• PROBLEM TO WORK ON
When you copy the data, keep every word exactly as it is and leave the pictures out.

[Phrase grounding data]
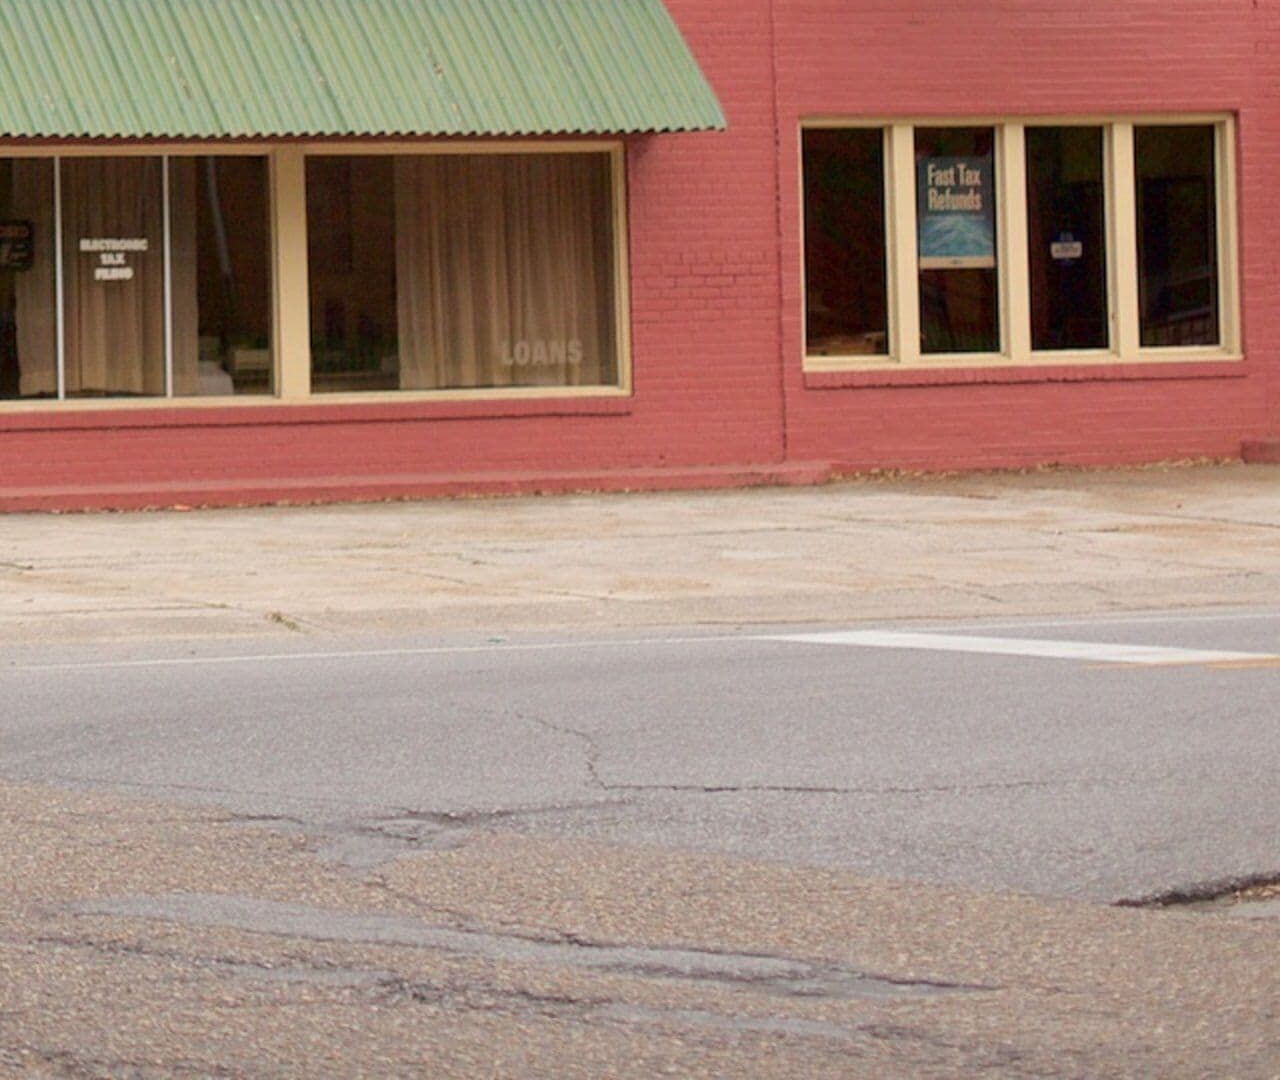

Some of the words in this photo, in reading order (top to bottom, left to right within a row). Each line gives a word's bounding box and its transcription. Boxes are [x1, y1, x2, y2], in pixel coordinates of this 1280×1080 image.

[928, 163, 955, 186] Fast
[957, 163, 981, 186] Tax
[928, 187, 982, 210] Refunds
[80, 238, 148, 251] ELECTRONIC
[100, 252, 125, 265] TAX
[501, 340, 583, 366] LOANS
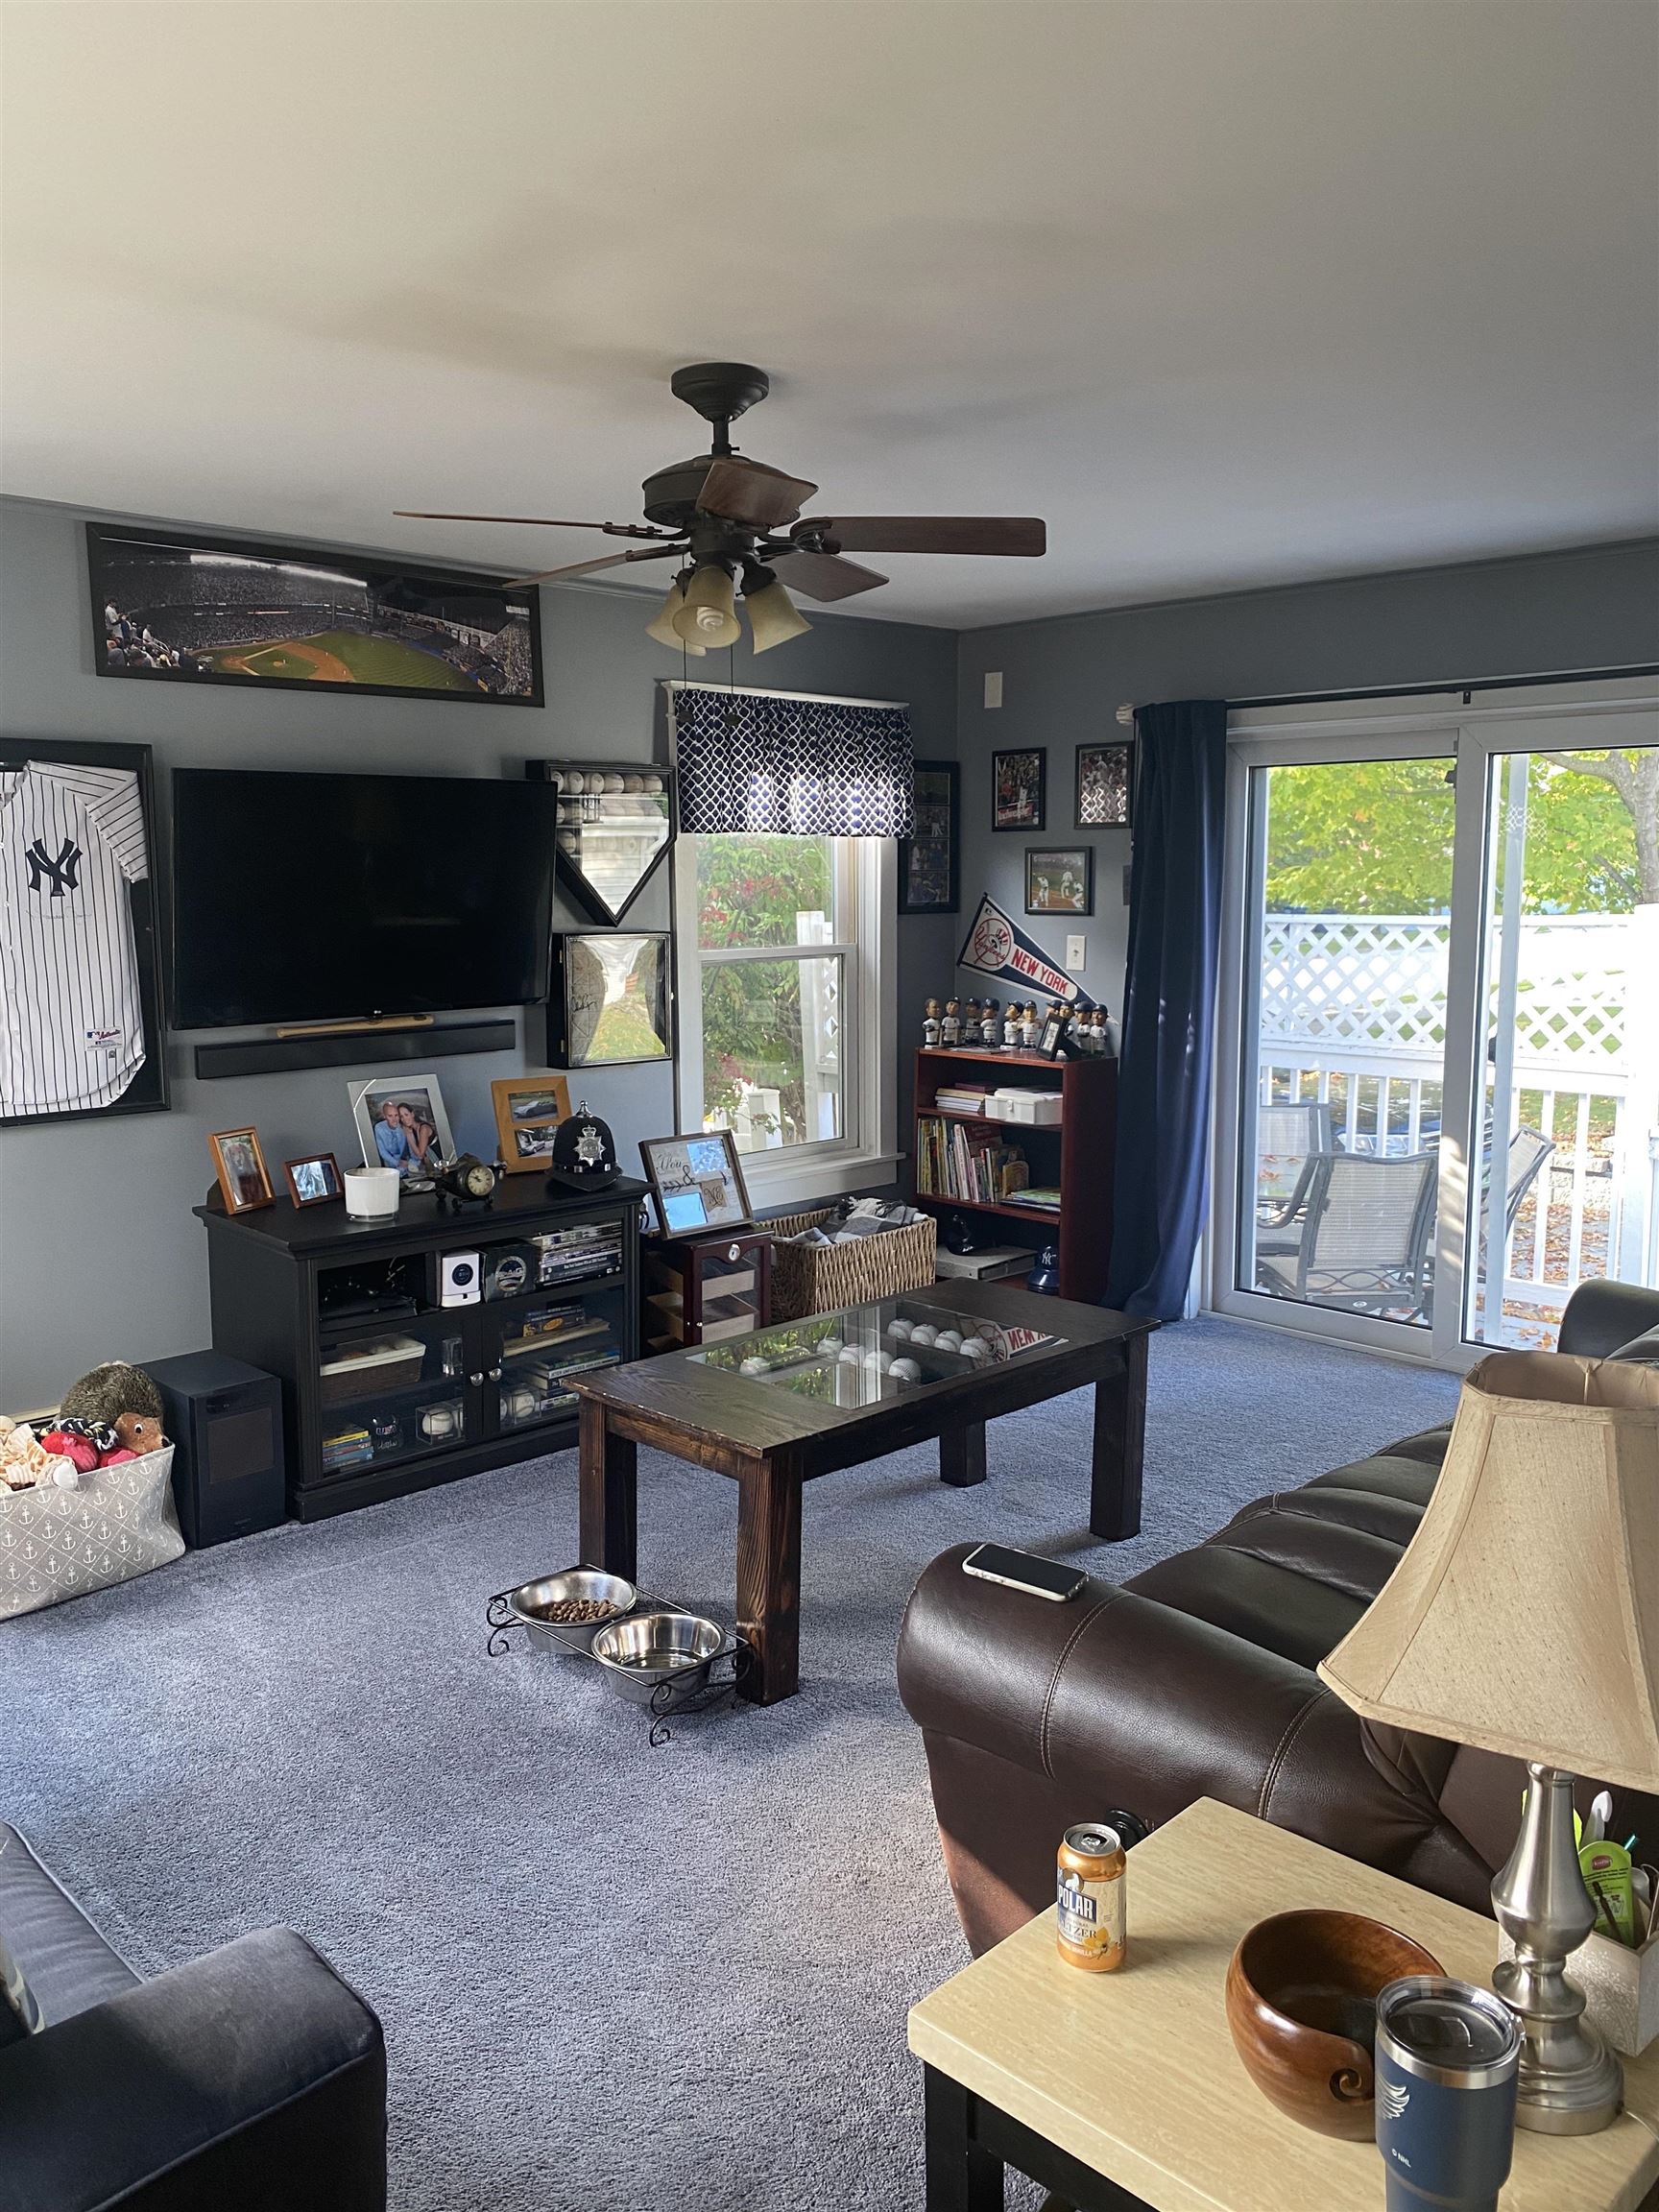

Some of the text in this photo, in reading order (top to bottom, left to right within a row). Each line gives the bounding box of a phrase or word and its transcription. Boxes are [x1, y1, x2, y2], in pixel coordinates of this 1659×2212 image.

[25, 838, 84, 897] NY
[1011, 949, 1069, 995] NEW YORK
[656, 1153, 683, 1175] You
[1058, 1884, 1094, 1920] POLAR
[1398, 2152, 1412, 2167] NHL

• ANSWER TO THE EXERCISE
Some of the words in this photo, in reading order (top to bottom, left to right within a row). Each line gives a word's bounding box and its transcription. Boxes are [x1, y1, x2, y2], in pixel coordinates of this 1280×1080 image.

[928, 163, 955, 186] Fast
[957, 163, 981, 186] Tax
[928, 187, 982, 210] Refunds
[80, 238, 148, 251] ELECTRONIC
[100, 252, 125, 265] TAX
[501, 340, 583, 366] LOANS

Some of the text in this photo, in reading order (top to bottom, left to right within a row). Each line gives the bounding box of a phrase or word and its transcription. Boxes are [x1, y1, x2, y2], in pixel coordinates of this 1659×2212 image.

[25, 838, 84, 897] NY
[1011, 949, 1069, 995] NEW YORK
[656, 1153, 683, 1175] You
[1058, 1884, 1094, 1920] POLAR
[1398, 2152, 1412, 2167] NHL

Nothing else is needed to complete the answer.